#### WHAT IS EXPECTED
Begin with the line where "Some of the text" appears. Set down that line and the rest of the records below it exactly as given.

#### RECORDS SHOWN

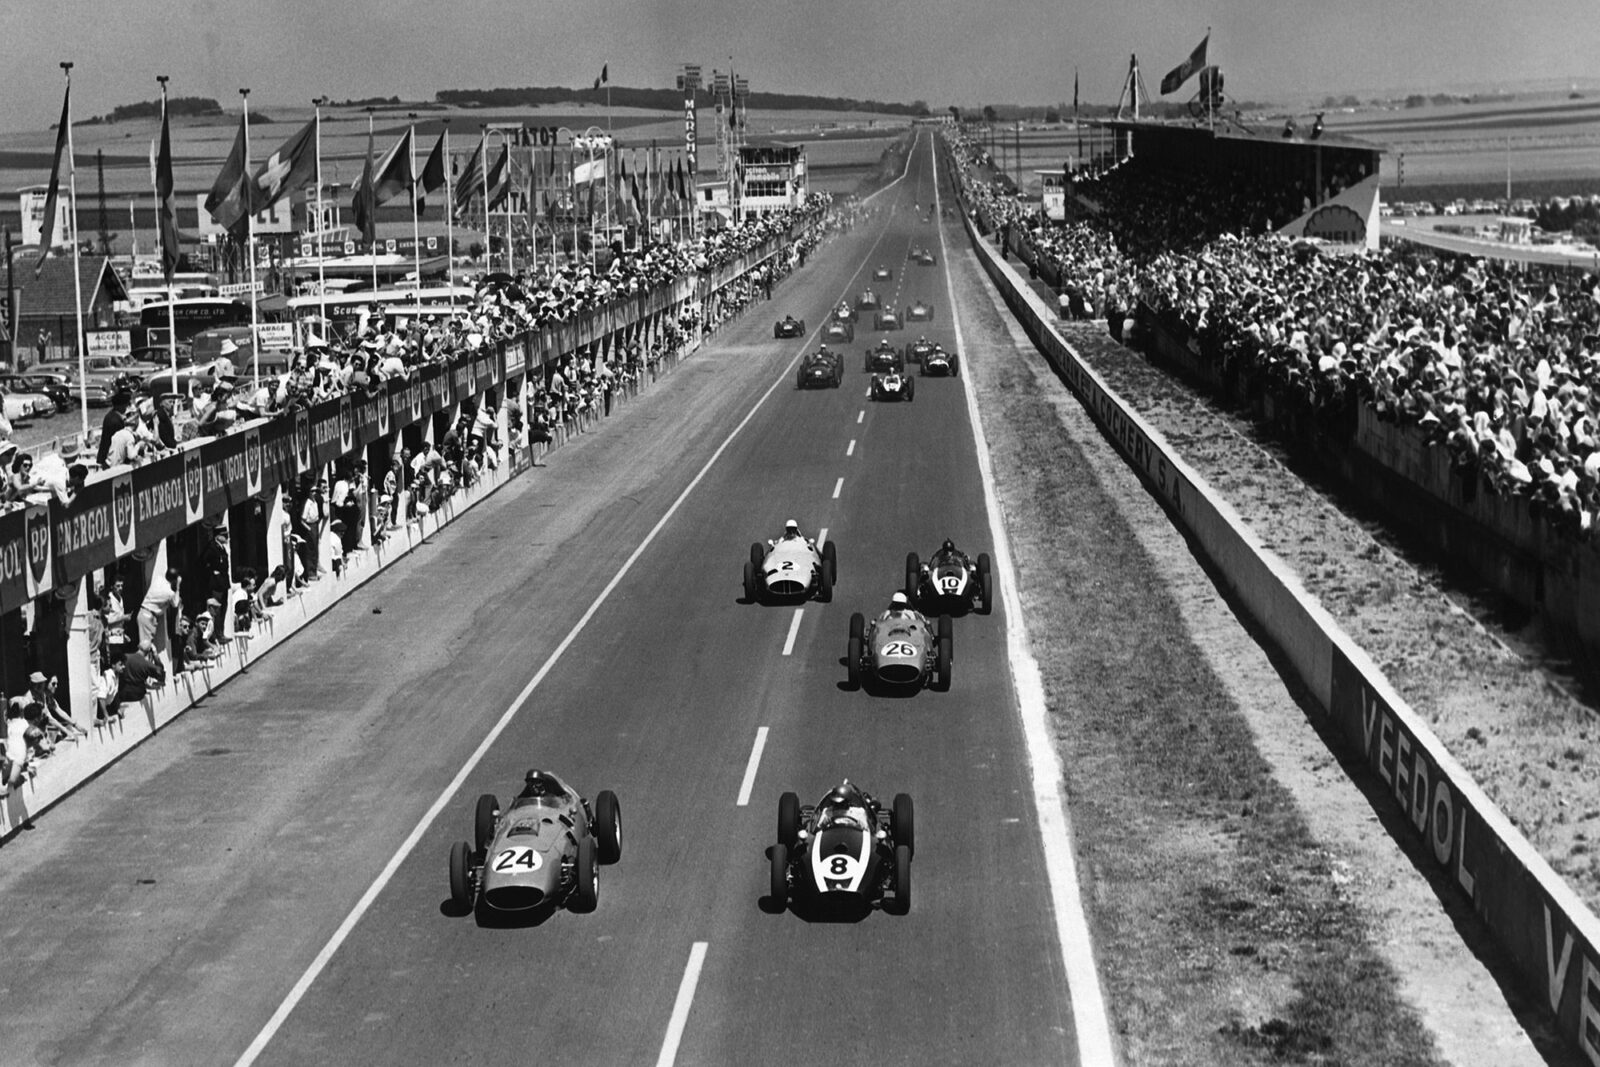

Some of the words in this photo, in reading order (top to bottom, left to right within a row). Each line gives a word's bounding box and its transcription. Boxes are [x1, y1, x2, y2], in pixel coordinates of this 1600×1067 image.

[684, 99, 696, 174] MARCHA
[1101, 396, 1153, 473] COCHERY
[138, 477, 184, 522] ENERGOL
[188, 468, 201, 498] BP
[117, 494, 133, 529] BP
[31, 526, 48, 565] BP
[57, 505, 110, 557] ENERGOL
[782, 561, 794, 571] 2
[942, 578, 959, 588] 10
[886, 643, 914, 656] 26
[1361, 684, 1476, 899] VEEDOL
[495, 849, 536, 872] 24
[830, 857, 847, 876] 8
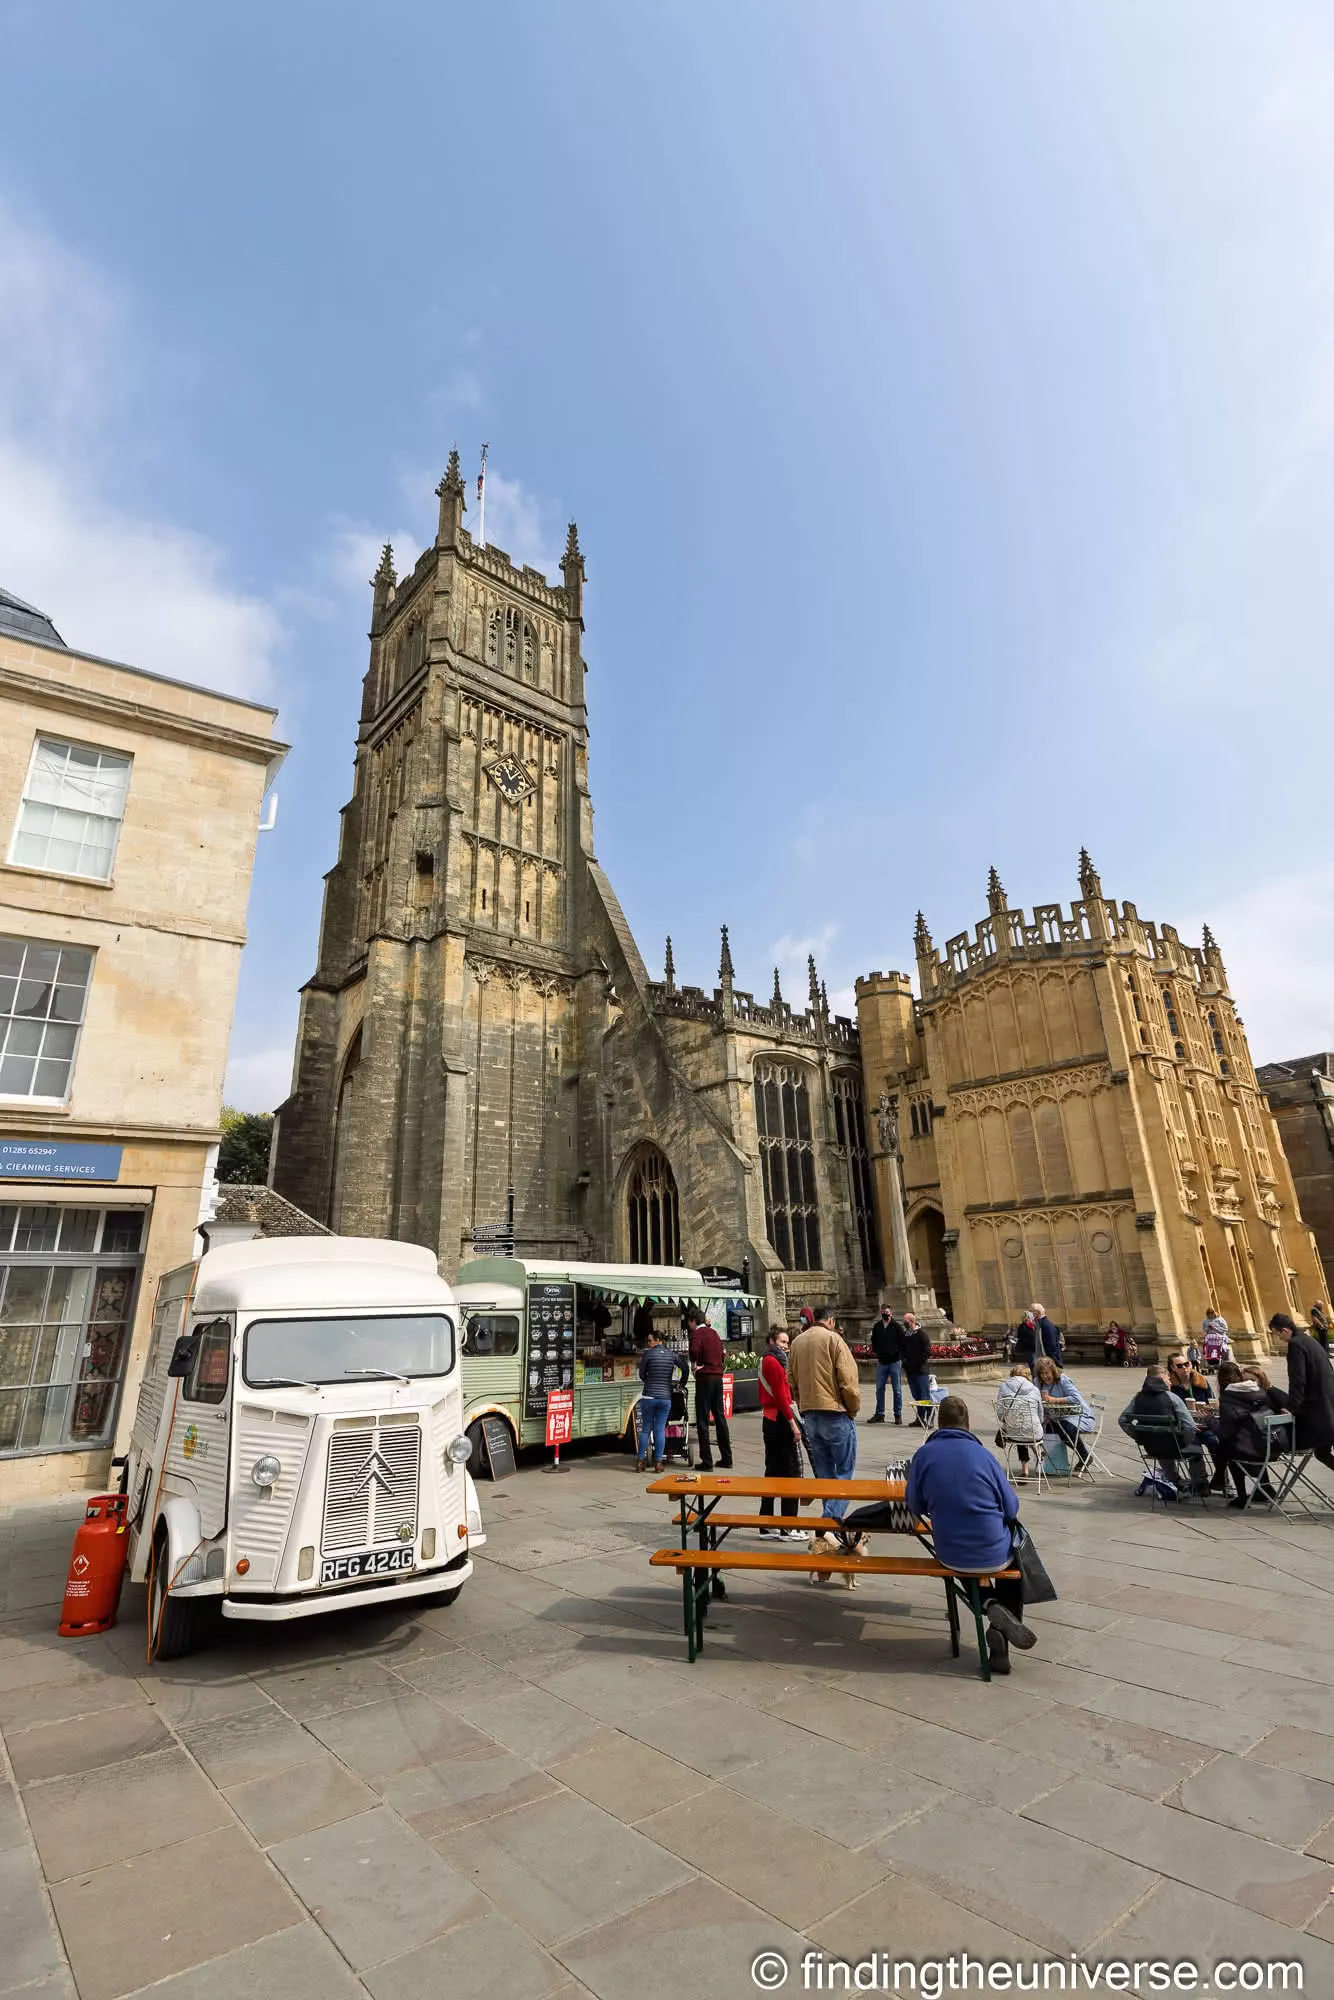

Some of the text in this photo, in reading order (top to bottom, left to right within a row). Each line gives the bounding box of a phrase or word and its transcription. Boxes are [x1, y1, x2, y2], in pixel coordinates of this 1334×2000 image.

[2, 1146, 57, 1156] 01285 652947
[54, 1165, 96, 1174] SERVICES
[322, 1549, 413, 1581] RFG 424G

#### RESPONSE BOX
Some of the text in this photo, in reading order (top to bottom, left to right within a row). Each line gives the bounding box of a phrase or word and its transcription. Boxes are [x1, y1, x2, y2], in pixel coordinates of this 1334×2000 image.

[2, 1146, 57, 1156] 01285 652947
[54, 1165, 96, 1174] SERVICES
[322, 1549, 413, 1581] RFG 424G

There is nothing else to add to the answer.